What to do this quarter
If you are a CISO or executive sponsor, the first move is an honest assessment of where your organization sits across these five pillars. Not where the roadmap says you will be — where you are today.
- Asset inventory. Can you enumerate every internet-exposed asset right now, within 24 hours? If not, that is the first gap to close.
- Patch velocity. What is your current mean time to patch a critical CVE in production? If it is measured in weeks, that number needs to come down before the threat environment catches up.
- AI in defense. Are you using AI tools in your security workflows today? Planning is not enough. Attackers are not planning — they are running.

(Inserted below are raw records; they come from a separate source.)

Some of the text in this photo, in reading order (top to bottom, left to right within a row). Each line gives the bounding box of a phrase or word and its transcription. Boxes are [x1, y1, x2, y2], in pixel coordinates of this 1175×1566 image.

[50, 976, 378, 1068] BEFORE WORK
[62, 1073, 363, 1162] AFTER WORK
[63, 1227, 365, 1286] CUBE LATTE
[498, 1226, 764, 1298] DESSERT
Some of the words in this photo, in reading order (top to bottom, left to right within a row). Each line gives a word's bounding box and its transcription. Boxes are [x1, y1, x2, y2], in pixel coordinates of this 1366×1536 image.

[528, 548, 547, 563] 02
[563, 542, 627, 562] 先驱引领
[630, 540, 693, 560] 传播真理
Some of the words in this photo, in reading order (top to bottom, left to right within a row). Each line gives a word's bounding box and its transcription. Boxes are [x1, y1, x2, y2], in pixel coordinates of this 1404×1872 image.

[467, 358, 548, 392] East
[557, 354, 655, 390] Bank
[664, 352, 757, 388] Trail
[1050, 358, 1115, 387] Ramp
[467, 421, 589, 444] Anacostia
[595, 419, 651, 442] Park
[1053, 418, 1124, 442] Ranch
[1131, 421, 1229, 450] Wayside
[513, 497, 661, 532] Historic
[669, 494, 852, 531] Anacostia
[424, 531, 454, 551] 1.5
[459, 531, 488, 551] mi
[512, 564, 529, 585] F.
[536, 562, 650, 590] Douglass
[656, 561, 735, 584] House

- Privileged access. Do you have standing privileged access in production? Every account that exists is a potential attack vector.
- AI governance. Do you have a registry of all AI models running in production? If not, you are governing a system you cannot fully see.
The organizations that address these questions methodically over the next two quarters will be in a materially stronger position when the threat environment reaches full parity. The ones that treat it as a future problem will discover it is a present one.
Sources
- Anthropic, Mythos model vulnerability research (2026) — Mythos model detected thousands of zero-day vulnerabilities across major technology platforms, demonstrating AI capability at cybersecurity expert level.
- RAND Corporation, AI and Cybersecurity (2025) — Analysis of AI-enabled offensive cyber capabilities and implications for enterprise security posture.
- CISA, AI Cybersecurity Collaboration Playbook (2025) — Guidance for organizations on integrating AI into defensive security operations.